Yo también fui a verbenas cuando era joven. Pero, en mi época, los progenitores no llevaban incorporado el servicio de transporte a domicilio. En la mayor parte de los casos, íbamos a las fiestas en bici o andando. Y también hicimos mucho autostop. Con los años, nuestras madres nos acabarían confesando que no pegaban ojo hasta que llegábamos a casa. Y, ahora, siendo padre, las entiendo perfectamente. Sobre todo pensando en cómo éramos capaces de meternos nueve en un coche de cinco plazas con conductores que harían estallar el alcoholímetro aun sin soplar, con solo rozar los labios.
Eran otros tiempos (típica frase que repetimos los que nos hacemos mayores). Quiero pensar que entonces no había la percepción de riesgo que hay hoy día, aunque los riesgos siempre han estado ahí. Pero es verdad que todo se ha acelerado. Porque los jóvenes empiezan a frecuentar las verbenas bastante antes, se inician en el consumo de alcohol a los 14 años de media, a los 14,7 tienen su primera borrachera y a los 15 mantienen sus primeras relaciones sexuales completas.
¿Son los chavales de esta edad suficientemente maduros para irrumpir en la vida adulta de una manera tan temprana? No soy sociólogo ni psicólogo, pero en mi condición de padre me asaltan las dudas. Lo mismo que con el hecho de que tengan su primer móvil a los 9 años y se pasen horas y horas absorbidos por las pantallas. Las sociedades cambian y, por eso, no siempre es bueno comparar lo que hicimos nosotros con lo que hacen ahora nuestros hijos, aunque hay ya numerosas voces que empiezan a alertar de las consecuencias que esta precocidad sin control puede acarrear en la vida futura de los niños y niñas actuales.
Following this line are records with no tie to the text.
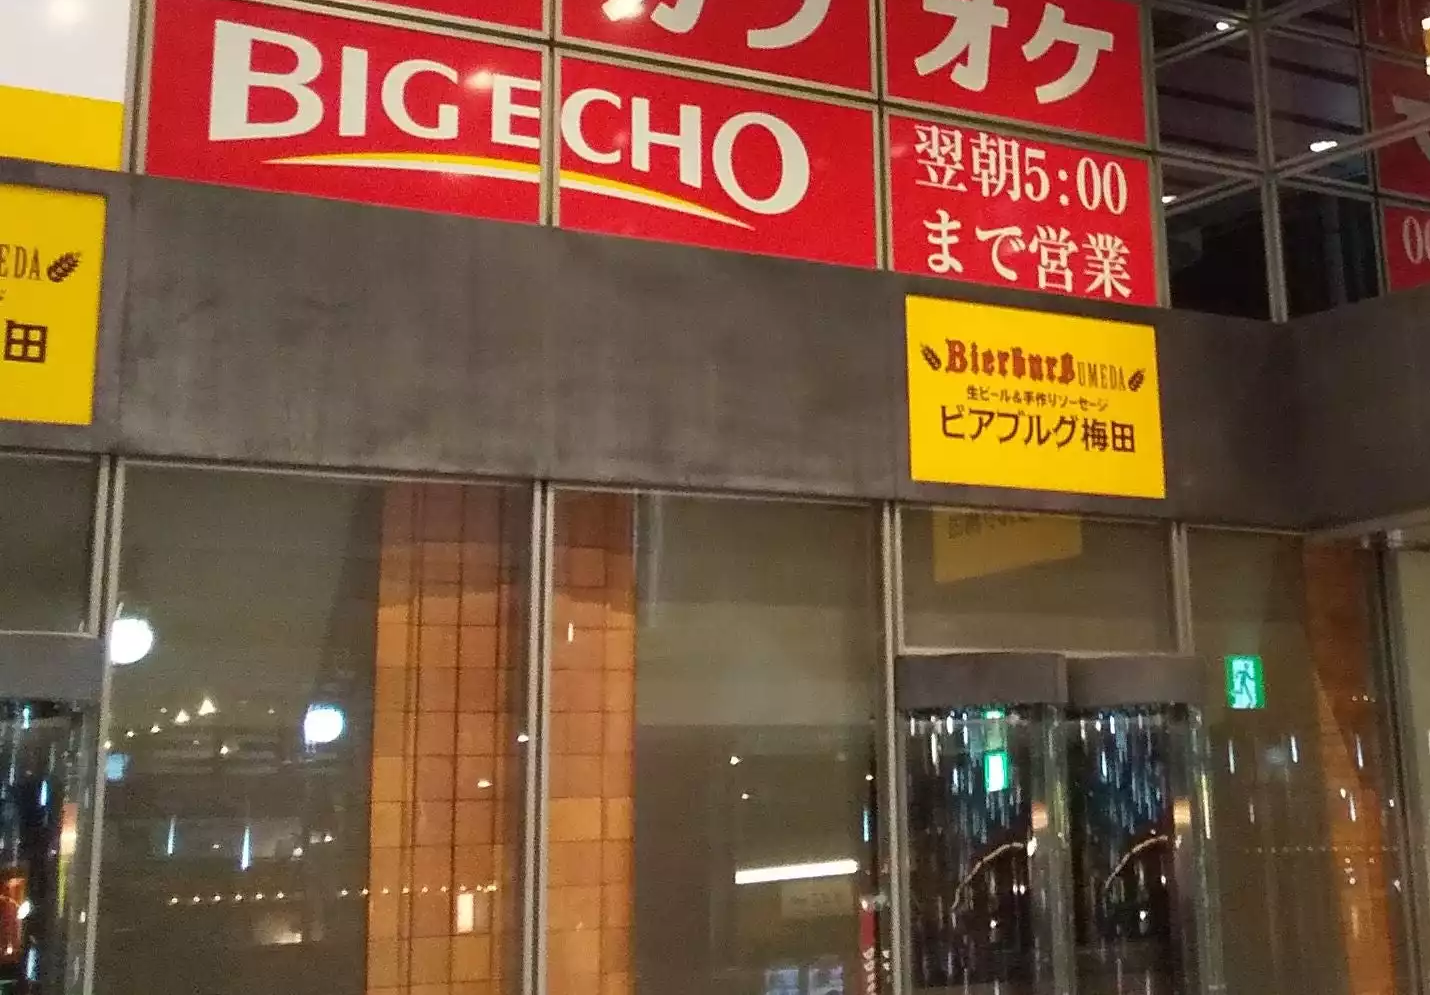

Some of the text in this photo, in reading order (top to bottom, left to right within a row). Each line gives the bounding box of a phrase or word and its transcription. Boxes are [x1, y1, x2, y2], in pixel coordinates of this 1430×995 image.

[207, 18, 461, 142] BIG
[922, 208, 1133, 299] まで営業
[3, 318, 48, 364] 田
[1076, 361, 1127, 393] UMEDA
[940, 404, 1136, 454] ビアブルグ梅田
Pero, por encima de todo esto, sentimentalmente hay una cosa que me da más pena. Yo miro a mis hijos de 12 y 10 años y los sigo viendo felizmente niños, aunque empiecen a asomar a borbotones síntomas cada vez más claros de la preadolescencia. En breve, antes incluso de que quiera darme cuenta, se habrán convertido ya en jóvenes, dando por terminada esa etapa maravillosa de la infancia, una etapa que la sociedad actual se ha empeñado en que dure cada vez menos.